## ASSIGNMENT
Every line of the listing belongs in your answer exactly as written; the images do not.

━━━━━━━━━━━━━━━━━━━━━━━━━━━━━━

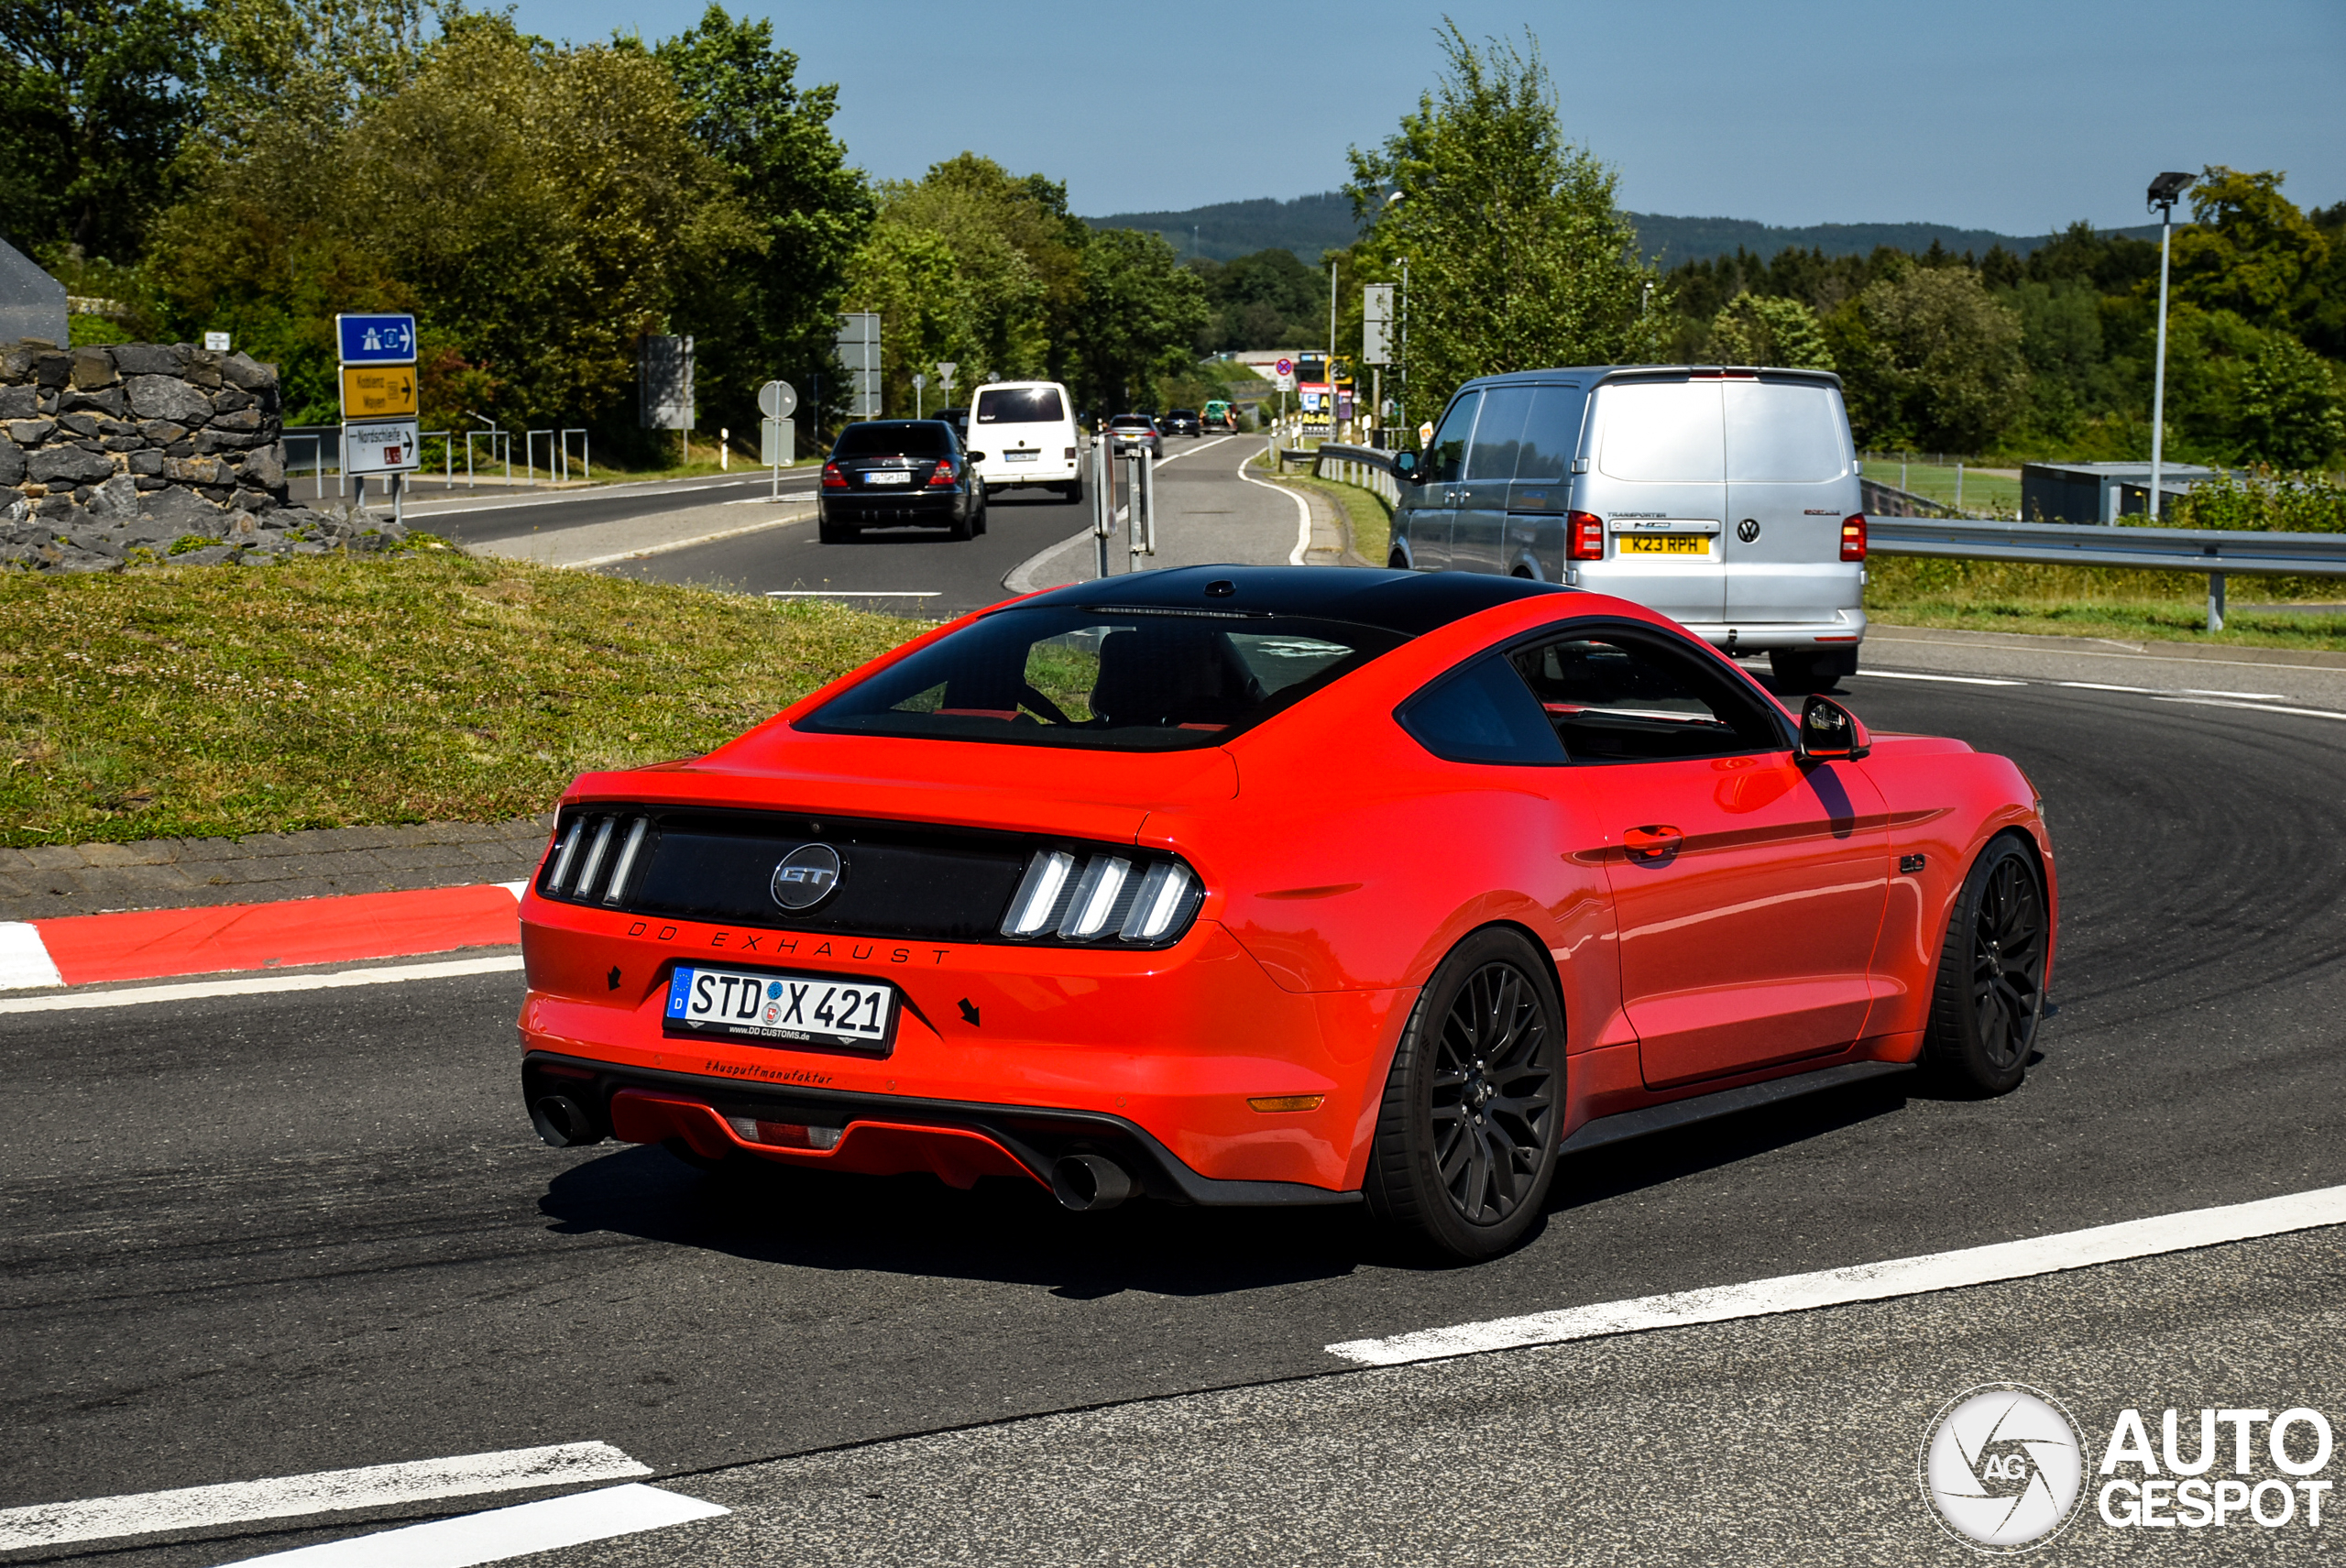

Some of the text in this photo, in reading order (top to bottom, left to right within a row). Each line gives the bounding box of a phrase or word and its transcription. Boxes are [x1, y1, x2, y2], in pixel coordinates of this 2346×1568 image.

[356, 375, 385, 389] Koblenz
[363, 395, 386, 411] Mayen
[1632, 536, 1698, 552] K23 RPH
[780, 866, 834, 885] GT
[628, 922, 950, 965] DD EXHAUST
[674, 998, 683, 1010] D
[692, 975, 882, 1034] STD X 421
[705, 1059, 833, 1084] #Auspuffmanufaktur

━━━━━━━━━━━━━━━━━━━━━━━━━━━━━━

## SOLUTION FOR THIS EXERCISE
Some of the text in this photo, in reading order (top to bottom, left to right within a row). Each line gives the bounding box of a phrase or word and its transcription. Boxes are [x1, y1, x2, y2], in pixel coordinates of this 2346×1568 image.

[356, 375, 385, 389] Koblenz
[363, 395, 386, 411] Mayen
[1632, 536, 1698, 552] K23 RPH
[780, 866, 834, 885] GT
[628, 922, 950, 965] DD EXHAUST
[674, 998, 683, 1010] D
[692, 975, 882, 1034] STD X 421
[705, 1059, 833, 1084] #Auspuffmanufaktur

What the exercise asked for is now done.